2️⃣ GROUP BY can use column name or position
By name:
GROUP BY department_number;
By position:
GROUP BY 1;
(1 = first column in SELECT list)
3️⃣ NULL Forms a Group
Even though NULL values are ignored inside SUM/AVG,
they still create a group:
Example result:
| department_number | Sum(salary_amount) |
|---|---|
| 403 | 233000.00 |
| 402 | 77000.00 |
| 301 | 116400.00 |
| 999 | 100000.00 |
| NULL | 129950.00 |
| 401 | 245575.00 |
| 501 | 200125.00 |
👉 NULL department employees are grouped together.
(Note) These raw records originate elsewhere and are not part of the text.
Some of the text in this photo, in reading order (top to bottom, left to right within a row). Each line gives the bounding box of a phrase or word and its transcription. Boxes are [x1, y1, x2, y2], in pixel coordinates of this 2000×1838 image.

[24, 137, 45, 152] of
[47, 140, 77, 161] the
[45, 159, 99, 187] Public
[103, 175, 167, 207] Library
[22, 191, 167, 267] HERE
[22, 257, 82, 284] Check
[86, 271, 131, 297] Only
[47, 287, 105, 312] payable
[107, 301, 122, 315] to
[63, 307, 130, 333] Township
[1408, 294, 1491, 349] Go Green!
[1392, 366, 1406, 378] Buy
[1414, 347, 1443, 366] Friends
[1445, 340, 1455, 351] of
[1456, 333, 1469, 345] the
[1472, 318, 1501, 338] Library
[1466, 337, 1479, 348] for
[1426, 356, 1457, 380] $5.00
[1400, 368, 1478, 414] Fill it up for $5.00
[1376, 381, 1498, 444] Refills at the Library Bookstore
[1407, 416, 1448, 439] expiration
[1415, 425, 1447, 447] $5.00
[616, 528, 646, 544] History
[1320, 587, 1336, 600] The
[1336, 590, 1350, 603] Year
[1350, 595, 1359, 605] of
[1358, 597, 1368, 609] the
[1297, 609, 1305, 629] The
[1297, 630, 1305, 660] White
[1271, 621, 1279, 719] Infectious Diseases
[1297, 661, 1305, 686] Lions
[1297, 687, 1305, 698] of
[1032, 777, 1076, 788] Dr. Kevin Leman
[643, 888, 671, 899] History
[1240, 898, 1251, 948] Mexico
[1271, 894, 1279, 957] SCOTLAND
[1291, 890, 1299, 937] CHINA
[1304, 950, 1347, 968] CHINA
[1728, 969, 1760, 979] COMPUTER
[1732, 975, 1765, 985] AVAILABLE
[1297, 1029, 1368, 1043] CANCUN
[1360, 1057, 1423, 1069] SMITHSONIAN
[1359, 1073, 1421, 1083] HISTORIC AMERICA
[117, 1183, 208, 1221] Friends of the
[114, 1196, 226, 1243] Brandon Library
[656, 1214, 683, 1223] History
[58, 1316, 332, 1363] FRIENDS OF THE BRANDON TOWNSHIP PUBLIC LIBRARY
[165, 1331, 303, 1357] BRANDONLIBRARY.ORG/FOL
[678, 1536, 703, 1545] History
4️⃣ GROUP BY Does NOT Sort
If you need sorted result:
ORDER BY department_number;
Grouping ≠ Ordering.
5️⃣ You Can Group By Columns Not Projected
Example:
SELECT SUM(salary_amount)
FROM employee
GROUP BY department_number,
manager_employee_number;
Here:
-
We do NOT display department or manager
-
But grouping is based on both
👉 More grouping columns = more granular groups
👉 More groups = more rows returned
🔎 Understanding Granularity
If grouped by:
GROUP BY department_number;
→ One row per department
If grouped by:
GROUP BY department_number,
manager_employee_number;
→ One row per department-manager combination
Granularity increases.
🔹 Logical Execution Order
-
FROM
-
WHERE
-
GROUP BY
-
HAVING
-
SELECT
-
ORDER BY
Aggregation happens before SELECT output.
🔹 HAVING (Filtering Groups)
SELECT department_number,
SUM(salary_amount) AS total_sal
FROM employee
GROUP BY department_number
HAVING SUM(salary_amount) > 200000;
✔ WHERE filters rows
✔ HAVING filters groups
🔥 Why Aggregation Removes Detail Rows
Original table:
-
Many rows per department
After GROUP BY:
-
One summary row per department
Detail rows are collapsed into summary rows.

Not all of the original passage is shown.